Вопреки объявлению, запрещавшему приветствовать короля, г-н Гийерми, член Национального собрания, обнажил голову, когда королевская карета с ним поравнялась; его попытались силой заставить надеть шляпу, тогда он отшвырнул ее подальше от себя со словами:
- Пусть кто-нибудь попробует мне ее принести!
У въезда на Разводной мост короля ожидало двадцать депутатов, направленных Собранием для защиты его величества и членов королевской семьи.
Вслед за ними подъехали Лафайет и офицеры его штаба.
Лафайет приблизился к карете.
- О господин де Лафайет! - закричала королева, едва завидев генерала. - Спасите наших телохранителей!
Эта просьба была отнюдь не лишней, потому что опасность была близка, и немалая.
Тем временем в воротах дворца происходила не лишенная поэтичности сцена. Пять или шесть камеристок королевы, оставившие Тюильри после бегства их хозяйки, так как думали, что королева уехала навсегда, теперь решили вернуться и встретить ее величество.

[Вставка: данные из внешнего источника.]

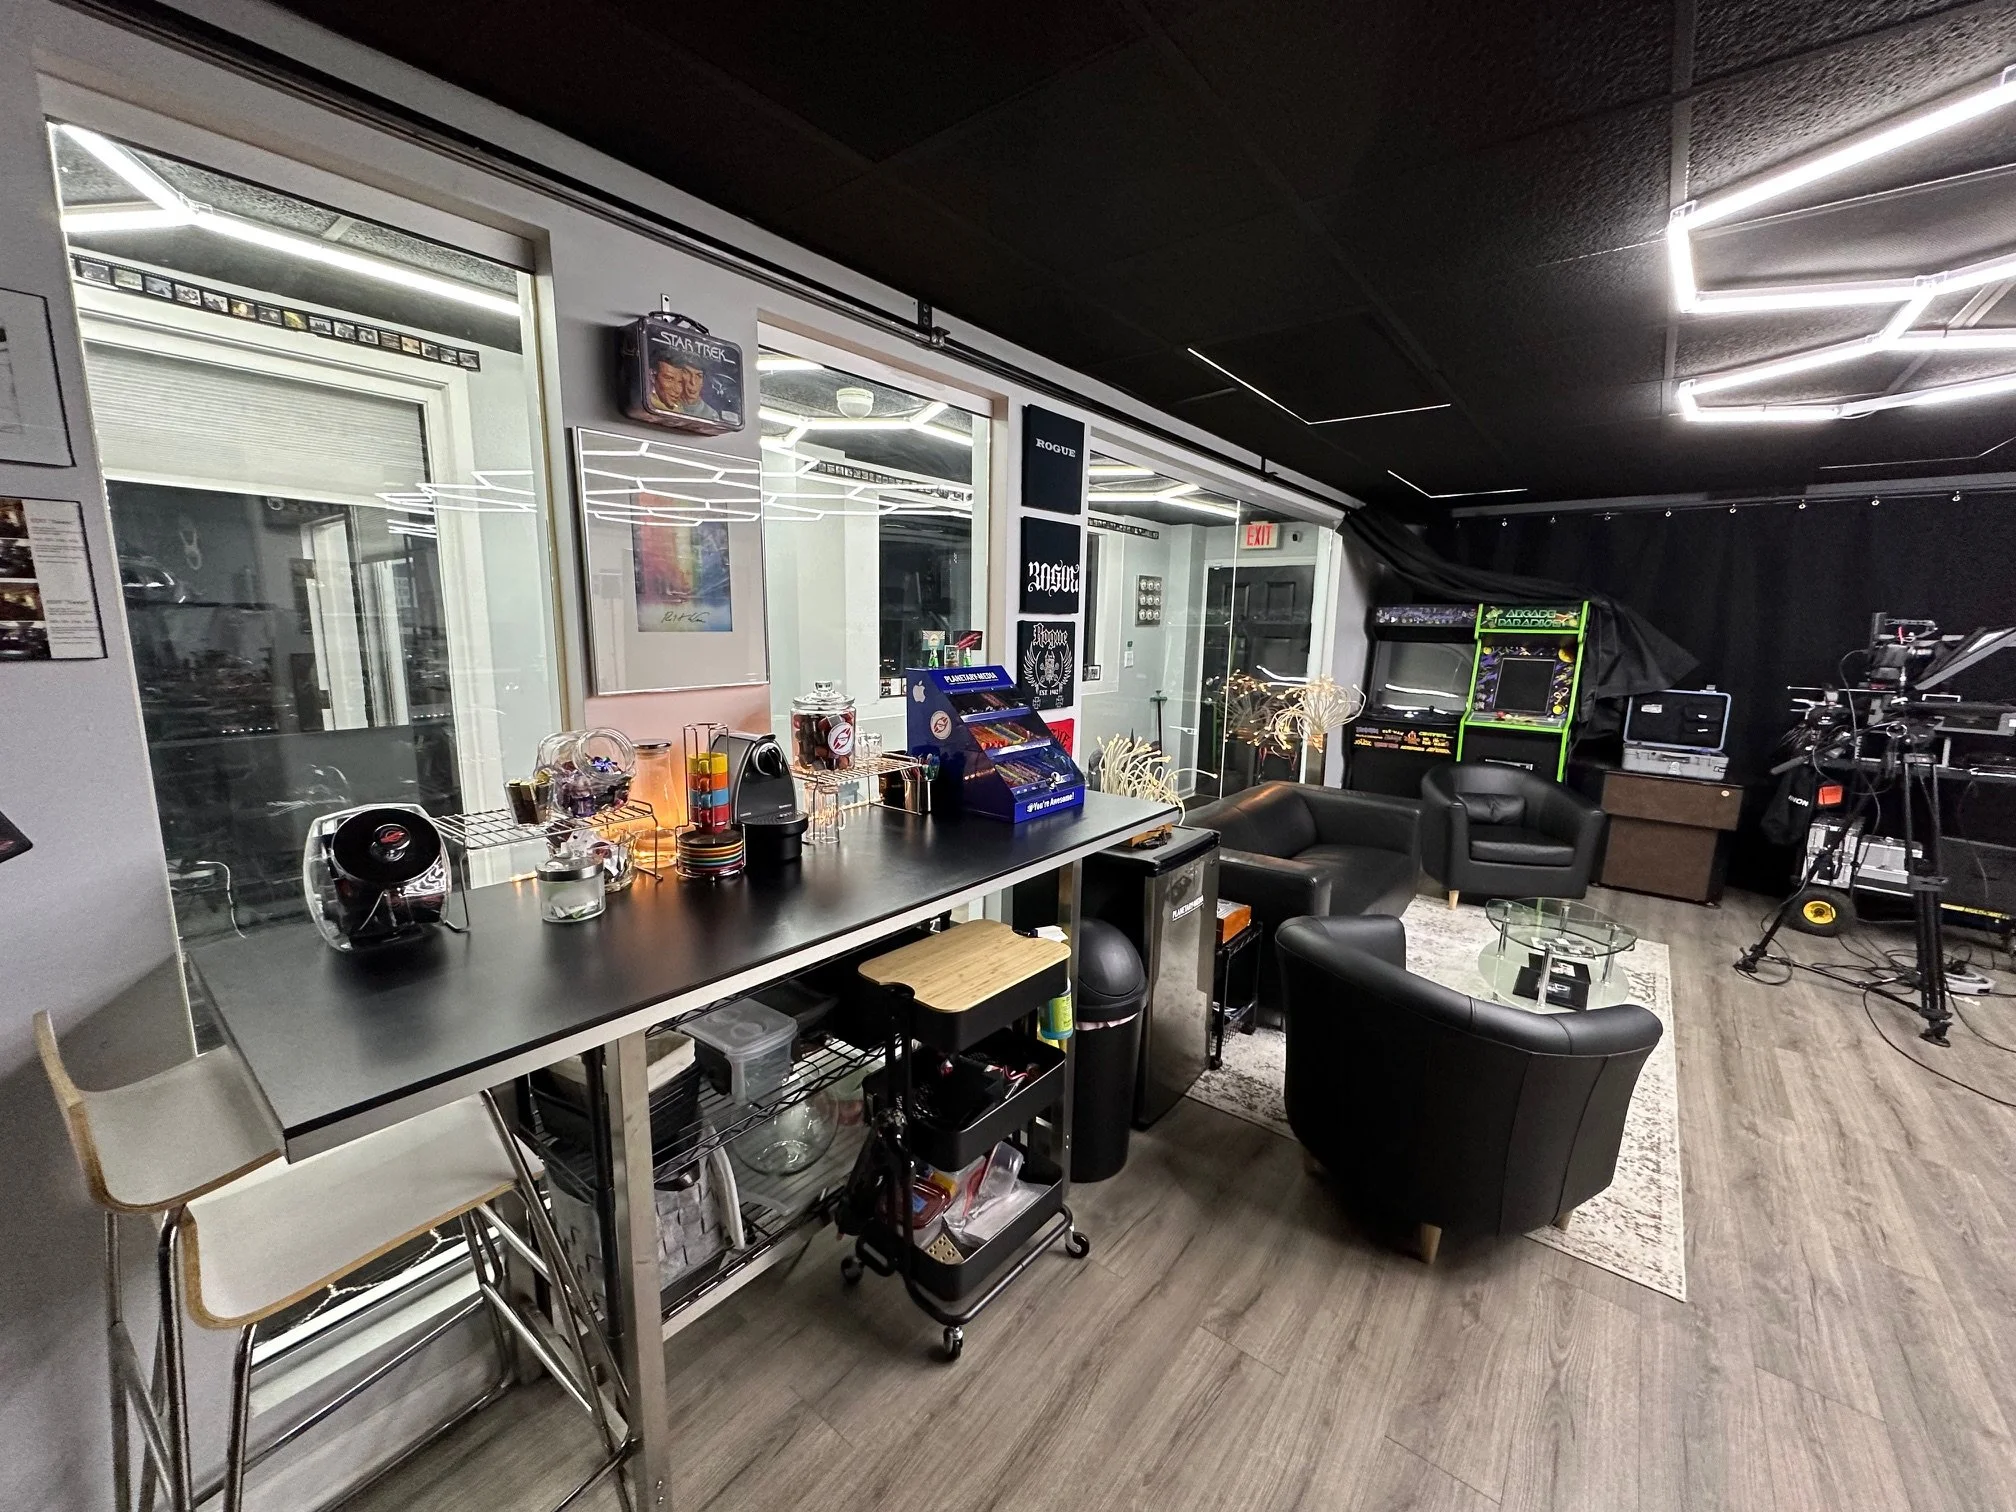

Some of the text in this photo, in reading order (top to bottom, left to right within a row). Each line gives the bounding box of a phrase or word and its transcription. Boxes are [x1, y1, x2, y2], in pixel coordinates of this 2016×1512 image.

[651, 331, 694, 352] STAR
[695, 341, 736, 365] TREK
[1035, 438, 1076, 458] ROGUE
[1246, 524, 1273, 546] EXIT
[1506, 609, 1557, 618] ARCADE
[1033, 622, 1069, 650] Rogue
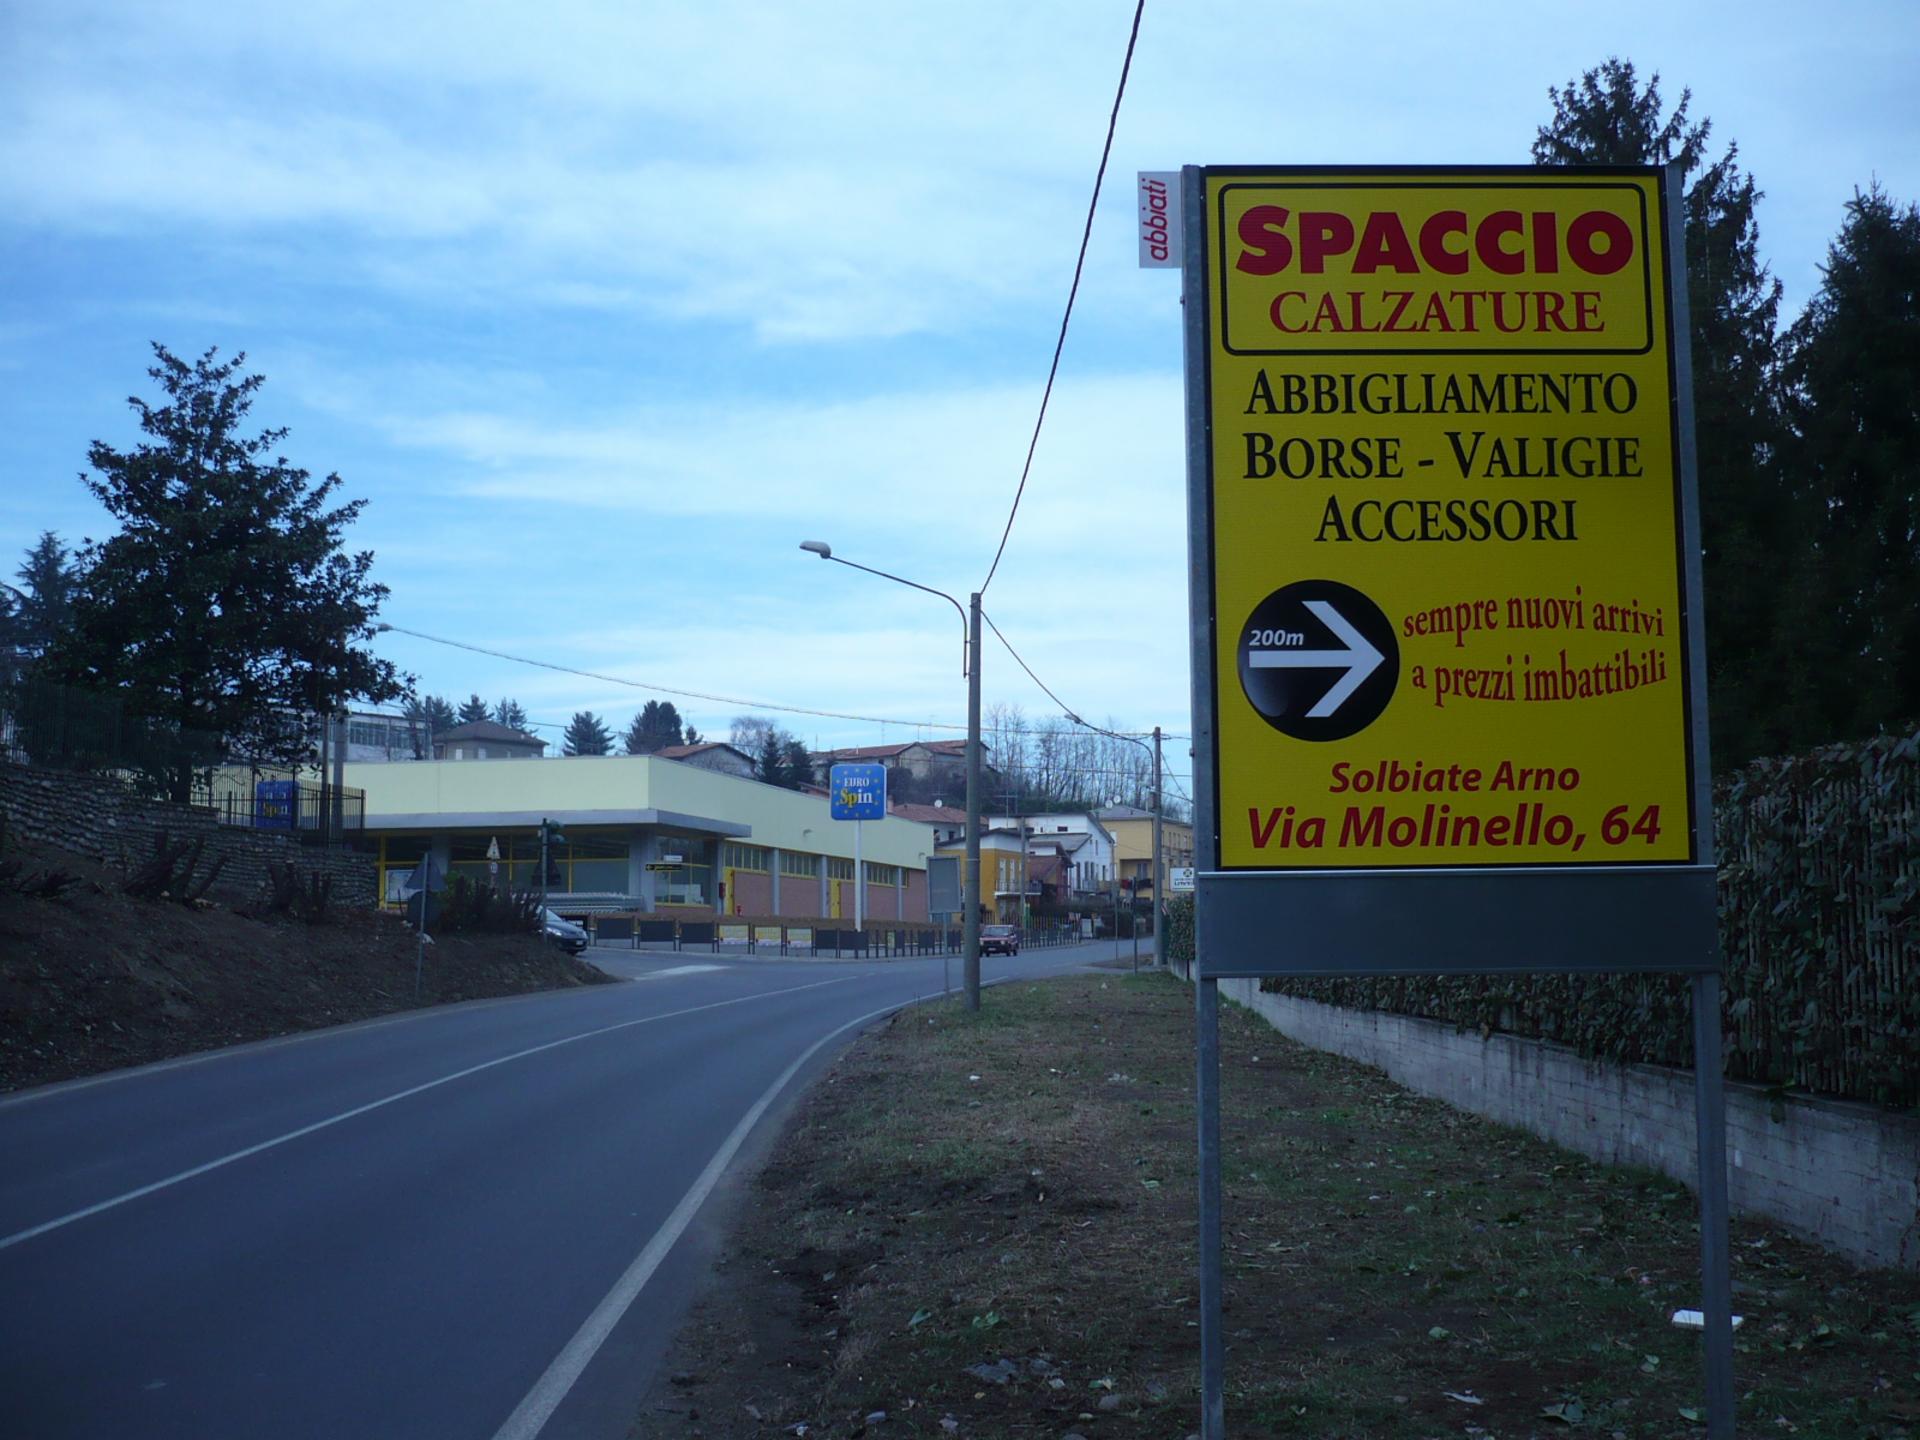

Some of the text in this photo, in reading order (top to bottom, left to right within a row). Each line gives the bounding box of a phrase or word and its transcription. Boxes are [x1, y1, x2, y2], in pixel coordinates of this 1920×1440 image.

[1142, 178, 1168, 261] abbiati
[1235, 205, 1634, 276] SPACCIO
[1269, 291, 1605, 333] CALZATURE
[1243, 368, 1638, 415] ABBIGLIAMENTO
[1242, 432, 1404, 480] BORSE
[1444, 431, 1644, 479] VALIGIE
[1313, 495, 1579, 543] ACCESSORI
[1248, 629, 1304, 647] 200m
[1403, 585, 1665, 647] sempre nuovi arrivi
[1412, 648, 1668, 708] a prezzi imbattibili
[840, 788, 873, 808] Spin
[844, 777, 870, 787] EURO
[1329, 761, 1580, 793] Solbiate Arno
[1247, 803, 1661, 852] Via Molinello, 64

- Проходи! - угрожая штыками, гнали их прочь часовые.
- Рабыни Австриячки! - грозя кулаками, выли торговки.
Тогда сестра г-жи Кампан, не обращая внимания на штыки солдат и угрозы рыночных торговок, выступила вперед и обратилась к толпе:
- Послушайте! Я нахожусь при королеве с пятнадцати лет; она сама наградила меня приданым и выдала замуж; я служила ей, когда она была всемогущей, а сегодня она в беде, так неужели я должна ее оставить?
- Она права! - поддержал ее народ. - Солдаты! Пропустите ее!
Приказывал хозяин, которому не принято перечить: солдаты расступились и камеристки вошли во дворец.
Спустя мгновение королева увидела их в окне второго этажа: они махали ей платочками.
Карета ехала дальше, а впереди в облаке пыли катил людской вал; это было похоже на то, как корабль катит перед собой волну вместе с облаком пены; сравнение это тем более верно, что никогда еще терпящим бедствие не угрожала столь же бурная и завывающая стихия, как та, что собиралась поглотить несчастное семейство в ту самую минуту, как оно попытается пробраться в Тюильрийский дворец: он явился бы для него спасительным берегом.
Наконец карета остановилась у ступеней большой террасы.
- Господа! - снова заговорила королева, обращаясь на сей раз к Петиону и Барнаву. - Телохранители! Телохранители!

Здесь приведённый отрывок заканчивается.